Ce disque est très justement considéré comme l'un des piliers du shoegaze car il en présente toute les caractéristiques exposées plus haut et on peut difficilement le catégoriser dans un autre genre.
C'est donc du shoegazing sans concession que nous livrait MBV avec ce "Sans amour" (Manque d'affection ou incapable d'aimer) issu d'un travail acharné de près de 3 ans avec un homme à la barre : Kevin Shields.
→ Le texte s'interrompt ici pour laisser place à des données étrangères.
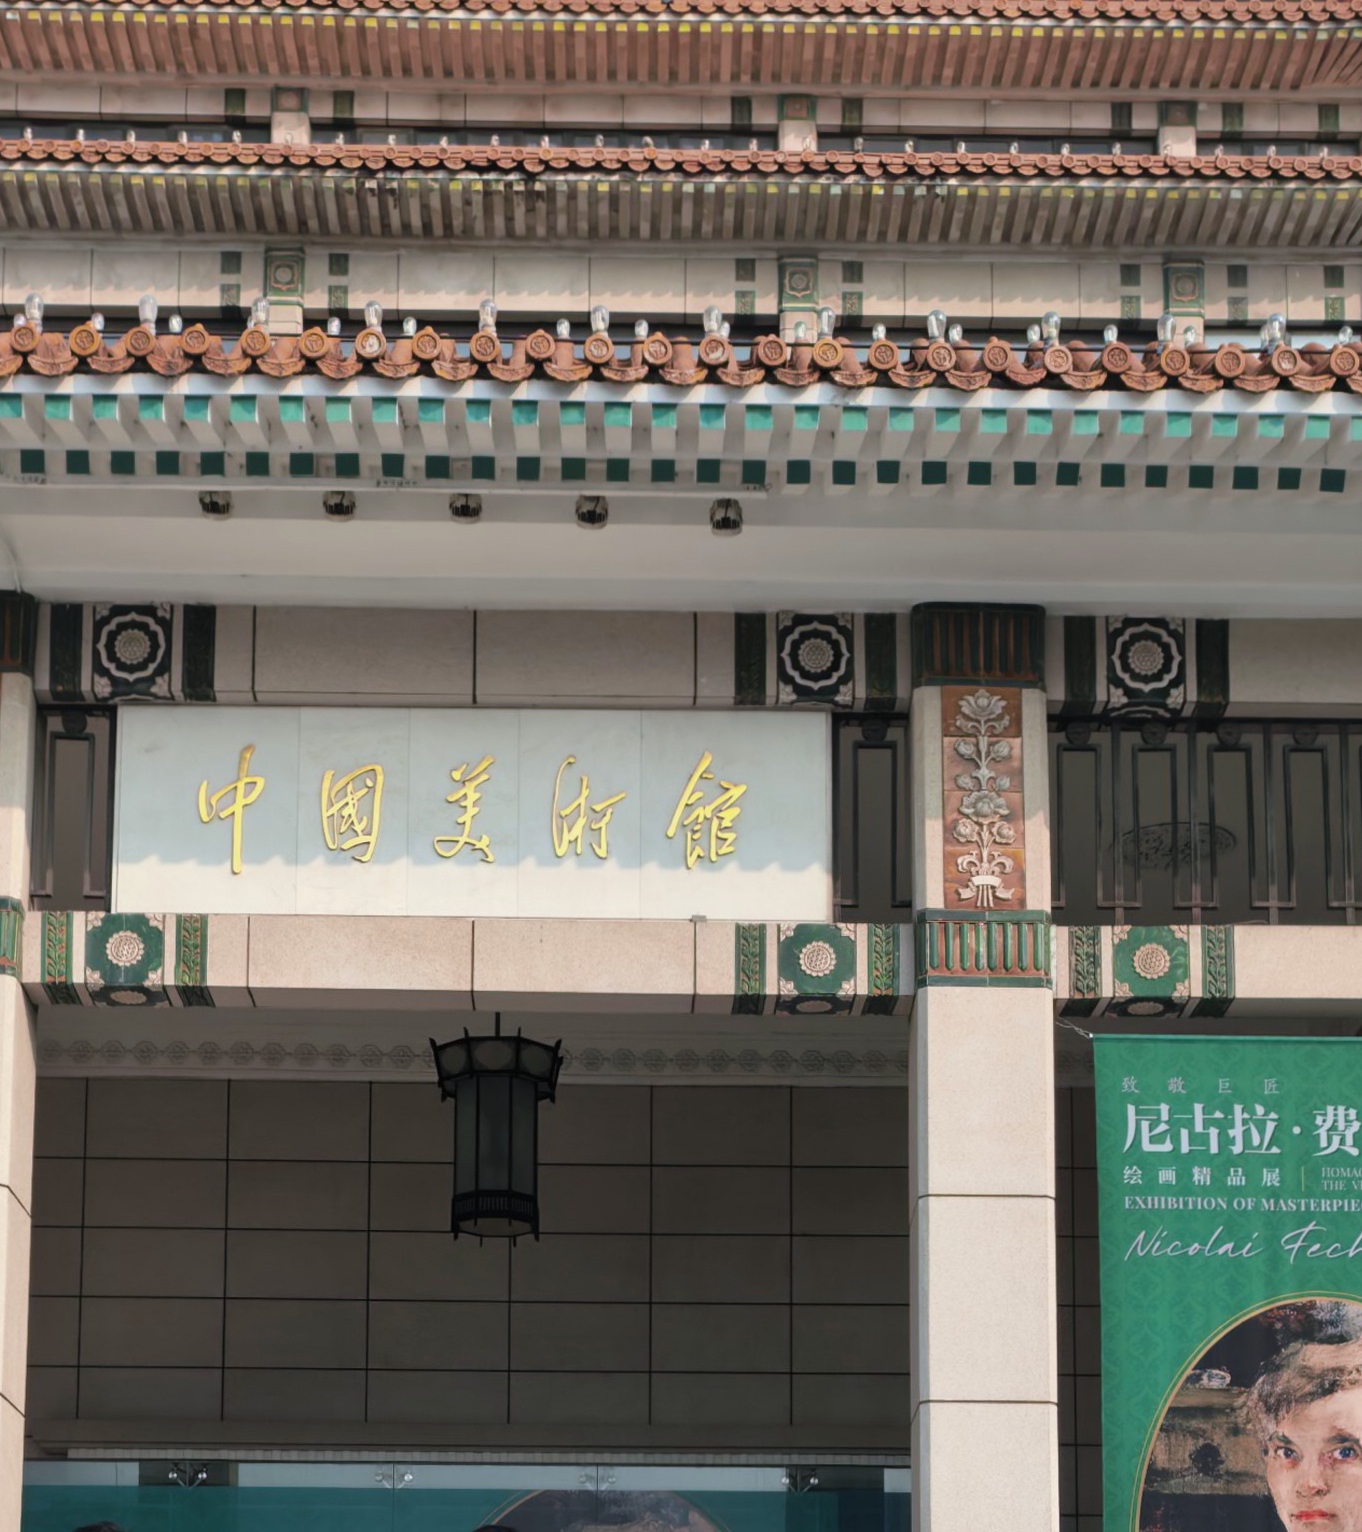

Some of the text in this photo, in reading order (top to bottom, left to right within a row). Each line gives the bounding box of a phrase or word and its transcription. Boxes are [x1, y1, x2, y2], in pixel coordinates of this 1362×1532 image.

[198, 744, 747, 875] 中國美術館
[1122, 1076, 1279, 1094] 致敬巨匠
[1123, 1166, 1280, 1186] 绘画精品展
[1322, 1180, 1347, 1191] THE
[1124, 1196, 1228, 1210] EXHIBITION
[1233, 1197, 1256, 1210] OF
[1124, 1225, 1264, 1262] Nicolai
Entre boucles rythmiques samplées et l'utilisation quasi-constante de barres de trémolo, et un enregistrement dans 19 studios avec plusieurs producteurs, ce qui a failli ruiner Creation Records(avec qui ont signé d'autres groupes important de shoegaze comme Slowdive), on ne peut pas dire que le perfectionniste Kevin Shields n'ait pas eu ce qu'il voulait ni plus ni moins.
Et tant pis pour ceux qui n'aiment pas...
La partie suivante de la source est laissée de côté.